Recent interest has also focused on the viral replication complex, which contains viral polymerase proteins and nucleoproteins. Adaptation of viral replication from an avian to a mammalian environment pro-bably requires changes in viral replication proteins. Key residues in the polymerase PB2 are associated with mammalian cell adaptation. Novel technical approaches to structure-function analysis15 using array technology coupled with protein expression libraries suggest roles for several residues in the C terminus of this protein already associated with host range specificity. These residues may be involved directly in interactions with cell factors. Such technical developments may help elucidate hitherto cryptic host-viral interactions that influence replication efficiency or immune response.

Finding a final common cellular pathway that explains the virulence of different influenza A subtypes in humans will be important for understanding the severity of human or zoonotic infections. Although a unifying hypothesis is some way off, identification of specific host genes switched on early in infection is essential for pinpointing prognostic indicators of disease severity.
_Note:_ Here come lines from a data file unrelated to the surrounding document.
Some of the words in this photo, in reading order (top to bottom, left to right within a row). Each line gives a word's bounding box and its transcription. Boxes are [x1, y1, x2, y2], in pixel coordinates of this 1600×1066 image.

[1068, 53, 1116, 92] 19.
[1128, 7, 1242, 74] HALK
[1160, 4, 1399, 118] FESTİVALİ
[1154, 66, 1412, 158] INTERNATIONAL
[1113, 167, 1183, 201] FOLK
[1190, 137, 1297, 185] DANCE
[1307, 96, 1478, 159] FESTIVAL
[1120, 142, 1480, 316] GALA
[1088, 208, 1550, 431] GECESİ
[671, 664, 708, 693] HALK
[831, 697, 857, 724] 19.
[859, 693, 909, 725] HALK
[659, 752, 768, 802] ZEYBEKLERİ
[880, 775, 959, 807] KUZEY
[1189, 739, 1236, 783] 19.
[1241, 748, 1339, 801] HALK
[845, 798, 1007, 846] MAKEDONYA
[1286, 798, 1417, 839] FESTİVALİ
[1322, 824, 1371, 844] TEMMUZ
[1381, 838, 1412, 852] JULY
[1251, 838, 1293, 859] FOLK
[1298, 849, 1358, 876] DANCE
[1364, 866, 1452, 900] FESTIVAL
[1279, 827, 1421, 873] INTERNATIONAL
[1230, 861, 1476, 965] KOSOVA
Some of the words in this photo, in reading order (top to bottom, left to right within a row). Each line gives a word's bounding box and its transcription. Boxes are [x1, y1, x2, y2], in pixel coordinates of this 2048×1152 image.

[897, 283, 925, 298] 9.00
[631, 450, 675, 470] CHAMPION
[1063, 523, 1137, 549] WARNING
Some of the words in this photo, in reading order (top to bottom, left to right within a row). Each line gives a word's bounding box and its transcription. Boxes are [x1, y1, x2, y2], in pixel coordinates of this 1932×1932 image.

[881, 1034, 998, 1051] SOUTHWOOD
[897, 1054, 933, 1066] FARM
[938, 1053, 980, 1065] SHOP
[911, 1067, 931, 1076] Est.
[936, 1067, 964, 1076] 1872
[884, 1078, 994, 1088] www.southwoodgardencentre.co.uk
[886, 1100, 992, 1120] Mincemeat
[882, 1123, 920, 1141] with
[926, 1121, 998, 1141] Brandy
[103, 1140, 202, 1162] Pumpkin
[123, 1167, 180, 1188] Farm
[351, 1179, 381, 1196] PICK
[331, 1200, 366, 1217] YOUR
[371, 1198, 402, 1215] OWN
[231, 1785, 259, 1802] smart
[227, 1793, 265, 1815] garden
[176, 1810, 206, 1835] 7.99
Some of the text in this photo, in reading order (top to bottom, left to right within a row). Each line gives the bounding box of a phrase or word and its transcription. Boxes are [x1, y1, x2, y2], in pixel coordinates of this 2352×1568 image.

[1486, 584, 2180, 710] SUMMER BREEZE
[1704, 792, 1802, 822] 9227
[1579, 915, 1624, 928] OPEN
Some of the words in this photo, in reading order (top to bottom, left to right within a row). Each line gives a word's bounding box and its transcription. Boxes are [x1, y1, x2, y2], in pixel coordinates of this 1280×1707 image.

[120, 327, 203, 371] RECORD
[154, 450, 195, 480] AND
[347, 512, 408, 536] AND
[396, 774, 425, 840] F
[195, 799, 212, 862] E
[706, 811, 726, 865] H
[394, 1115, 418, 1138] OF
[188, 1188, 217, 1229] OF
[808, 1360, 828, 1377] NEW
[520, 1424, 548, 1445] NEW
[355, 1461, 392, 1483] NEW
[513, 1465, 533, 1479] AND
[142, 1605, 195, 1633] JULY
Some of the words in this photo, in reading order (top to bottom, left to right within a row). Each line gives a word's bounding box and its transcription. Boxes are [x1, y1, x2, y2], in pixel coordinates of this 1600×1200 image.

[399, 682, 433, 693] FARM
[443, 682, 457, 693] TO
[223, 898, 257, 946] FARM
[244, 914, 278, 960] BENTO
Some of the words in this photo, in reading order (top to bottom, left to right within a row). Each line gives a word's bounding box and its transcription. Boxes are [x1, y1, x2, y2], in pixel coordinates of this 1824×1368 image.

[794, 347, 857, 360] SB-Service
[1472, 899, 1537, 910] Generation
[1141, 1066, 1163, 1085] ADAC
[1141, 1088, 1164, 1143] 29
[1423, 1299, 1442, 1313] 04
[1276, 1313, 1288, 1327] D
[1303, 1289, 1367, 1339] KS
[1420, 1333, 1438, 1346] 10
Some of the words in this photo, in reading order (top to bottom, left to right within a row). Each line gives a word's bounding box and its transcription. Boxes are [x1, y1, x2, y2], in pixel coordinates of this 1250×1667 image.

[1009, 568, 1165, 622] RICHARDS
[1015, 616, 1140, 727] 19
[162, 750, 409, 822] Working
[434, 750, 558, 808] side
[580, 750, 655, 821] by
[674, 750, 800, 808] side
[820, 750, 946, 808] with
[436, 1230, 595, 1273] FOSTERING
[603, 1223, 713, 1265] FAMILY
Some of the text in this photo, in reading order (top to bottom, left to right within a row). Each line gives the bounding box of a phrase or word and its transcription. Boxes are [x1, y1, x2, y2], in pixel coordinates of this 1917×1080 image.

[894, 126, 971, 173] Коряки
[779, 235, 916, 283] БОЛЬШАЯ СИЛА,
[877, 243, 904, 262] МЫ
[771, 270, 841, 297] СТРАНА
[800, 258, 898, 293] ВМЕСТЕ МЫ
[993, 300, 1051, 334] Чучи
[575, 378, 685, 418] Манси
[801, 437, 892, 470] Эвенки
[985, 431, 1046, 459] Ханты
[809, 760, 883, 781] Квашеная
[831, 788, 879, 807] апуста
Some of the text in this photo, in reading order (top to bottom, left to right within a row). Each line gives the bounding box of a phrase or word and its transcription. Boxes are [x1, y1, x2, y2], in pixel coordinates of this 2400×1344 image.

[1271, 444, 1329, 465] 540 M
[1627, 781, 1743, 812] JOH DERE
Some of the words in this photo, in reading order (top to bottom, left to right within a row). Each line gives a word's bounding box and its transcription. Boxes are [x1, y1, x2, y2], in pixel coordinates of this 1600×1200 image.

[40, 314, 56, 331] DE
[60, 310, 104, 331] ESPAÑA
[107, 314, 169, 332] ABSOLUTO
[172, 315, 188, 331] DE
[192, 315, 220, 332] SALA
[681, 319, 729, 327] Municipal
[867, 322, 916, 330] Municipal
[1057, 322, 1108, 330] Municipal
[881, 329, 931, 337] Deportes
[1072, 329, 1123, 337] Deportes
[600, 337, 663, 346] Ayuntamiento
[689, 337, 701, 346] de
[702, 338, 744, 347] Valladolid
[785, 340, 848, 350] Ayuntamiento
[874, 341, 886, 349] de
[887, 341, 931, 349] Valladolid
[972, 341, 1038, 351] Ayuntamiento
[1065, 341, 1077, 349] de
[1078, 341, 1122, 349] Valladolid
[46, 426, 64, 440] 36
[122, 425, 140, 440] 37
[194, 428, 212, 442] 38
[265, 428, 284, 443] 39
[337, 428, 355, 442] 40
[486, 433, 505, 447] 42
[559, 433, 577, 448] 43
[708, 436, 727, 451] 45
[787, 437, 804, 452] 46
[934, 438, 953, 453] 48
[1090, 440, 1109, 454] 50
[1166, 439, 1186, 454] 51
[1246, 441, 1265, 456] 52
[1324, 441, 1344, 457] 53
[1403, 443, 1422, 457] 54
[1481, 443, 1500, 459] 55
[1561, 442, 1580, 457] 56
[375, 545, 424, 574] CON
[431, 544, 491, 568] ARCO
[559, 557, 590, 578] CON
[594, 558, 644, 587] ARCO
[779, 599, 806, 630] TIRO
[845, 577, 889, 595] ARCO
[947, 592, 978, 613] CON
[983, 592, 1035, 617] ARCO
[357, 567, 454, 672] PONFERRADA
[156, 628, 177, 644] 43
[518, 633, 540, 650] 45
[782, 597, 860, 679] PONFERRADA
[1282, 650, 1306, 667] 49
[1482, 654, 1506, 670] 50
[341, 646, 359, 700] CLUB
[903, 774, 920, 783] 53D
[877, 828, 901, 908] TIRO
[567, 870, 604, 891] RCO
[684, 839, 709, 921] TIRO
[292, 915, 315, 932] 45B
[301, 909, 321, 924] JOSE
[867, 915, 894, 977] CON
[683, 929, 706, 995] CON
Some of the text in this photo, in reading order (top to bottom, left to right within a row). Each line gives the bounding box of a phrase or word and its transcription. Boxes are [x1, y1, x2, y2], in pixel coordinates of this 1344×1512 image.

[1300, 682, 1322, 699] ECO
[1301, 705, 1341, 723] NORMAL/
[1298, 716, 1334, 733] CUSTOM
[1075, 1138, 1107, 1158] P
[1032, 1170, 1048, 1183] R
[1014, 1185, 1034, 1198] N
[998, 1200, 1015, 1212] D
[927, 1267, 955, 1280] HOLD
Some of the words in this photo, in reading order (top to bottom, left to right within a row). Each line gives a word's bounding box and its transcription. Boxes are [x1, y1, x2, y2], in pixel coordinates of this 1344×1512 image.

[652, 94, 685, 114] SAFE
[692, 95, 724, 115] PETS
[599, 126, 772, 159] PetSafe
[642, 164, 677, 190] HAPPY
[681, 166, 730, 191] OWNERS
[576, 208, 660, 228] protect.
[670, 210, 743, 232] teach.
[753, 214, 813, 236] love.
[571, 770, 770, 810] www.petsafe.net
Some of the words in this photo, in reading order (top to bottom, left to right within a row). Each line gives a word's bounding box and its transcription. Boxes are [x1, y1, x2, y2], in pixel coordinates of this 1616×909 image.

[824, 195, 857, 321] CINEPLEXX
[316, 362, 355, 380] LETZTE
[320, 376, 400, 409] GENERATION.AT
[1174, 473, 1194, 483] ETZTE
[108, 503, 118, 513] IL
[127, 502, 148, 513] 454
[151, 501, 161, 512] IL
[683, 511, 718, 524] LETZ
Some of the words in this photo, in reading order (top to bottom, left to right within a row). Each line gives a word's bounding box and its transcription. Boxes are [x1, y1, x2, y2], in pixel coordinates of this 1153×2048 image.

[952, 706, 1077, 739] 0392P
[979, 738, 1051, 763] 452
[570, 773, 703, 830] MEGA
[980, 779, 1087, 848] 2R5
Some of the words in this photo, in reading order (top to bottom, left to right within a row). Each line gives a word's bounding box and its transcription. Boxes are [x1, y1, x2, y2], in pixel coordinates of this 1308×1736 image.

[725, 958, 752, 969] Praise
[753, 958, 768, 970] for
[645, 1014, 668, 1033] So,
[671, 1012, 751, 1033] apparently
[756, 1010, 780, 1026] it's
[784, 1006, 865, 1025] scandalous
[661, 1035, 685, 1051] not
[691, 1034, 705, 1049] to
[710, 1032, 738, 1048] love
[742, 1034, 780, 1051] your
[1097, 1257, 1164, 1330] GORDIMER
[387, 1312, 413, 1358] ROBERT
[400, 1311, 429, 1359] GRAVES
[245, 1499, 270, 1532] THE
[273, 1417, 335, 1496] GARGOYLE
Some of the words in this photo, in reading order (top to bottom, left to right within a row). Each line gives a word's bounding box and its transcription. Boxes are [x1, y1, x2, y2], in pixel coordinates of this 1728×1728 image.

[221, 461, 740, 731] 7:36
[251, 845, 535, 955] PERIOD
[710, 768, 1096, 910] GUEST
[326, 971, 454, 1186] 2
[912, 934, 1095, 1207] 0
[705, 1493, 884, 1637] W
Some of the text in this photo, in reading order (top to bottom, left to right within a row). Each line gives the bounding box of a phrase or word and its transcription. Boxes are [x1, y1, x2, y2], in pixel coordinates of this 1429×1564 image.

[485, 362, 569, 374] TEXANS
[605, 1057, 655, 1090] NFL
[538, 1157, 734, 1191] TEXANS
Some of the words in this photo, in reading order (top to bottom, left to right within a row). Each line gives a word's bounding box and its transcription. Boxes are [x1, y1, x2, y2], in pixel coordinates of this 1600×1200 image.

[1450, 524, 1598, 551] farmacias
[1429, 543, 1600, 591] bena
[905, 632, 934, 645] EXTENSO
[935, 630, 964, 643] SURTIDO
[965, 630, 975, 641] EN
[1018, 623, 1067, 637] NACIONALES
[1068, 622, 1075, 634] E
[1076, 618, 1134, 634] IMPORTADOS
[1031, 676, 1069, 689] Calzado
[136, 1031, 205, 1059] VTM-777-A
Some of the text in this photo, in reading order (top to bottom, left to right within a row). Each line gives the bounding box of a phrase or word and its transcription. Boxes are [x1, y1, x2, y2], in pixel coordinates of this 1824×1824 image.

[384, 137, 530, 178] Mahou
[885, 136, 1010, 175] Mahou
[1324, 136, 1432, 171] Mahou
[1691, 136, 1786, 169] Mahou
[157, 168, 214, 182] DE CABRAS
Immune intervention strategies are badly needed for treatment of zoonotic H5N1 and may ultimately be simpler to apply than antiviral regimes, which are currently the only countermeasure available for severe influenza infections, whether human or animal in origin.

In the last two years, the circulation of H5N1-infected birds has extended from Southeast Asia into Africa, Europe and the Middle East, bringing an increasing danger of sporadic transmission of avian flu to humans. In the face of this threat, and given the unpredictability of viral evolution and the relative lack of global preparedness, the effort to understand what defines a pandemic influenza strain has become a matter of extreme urgency.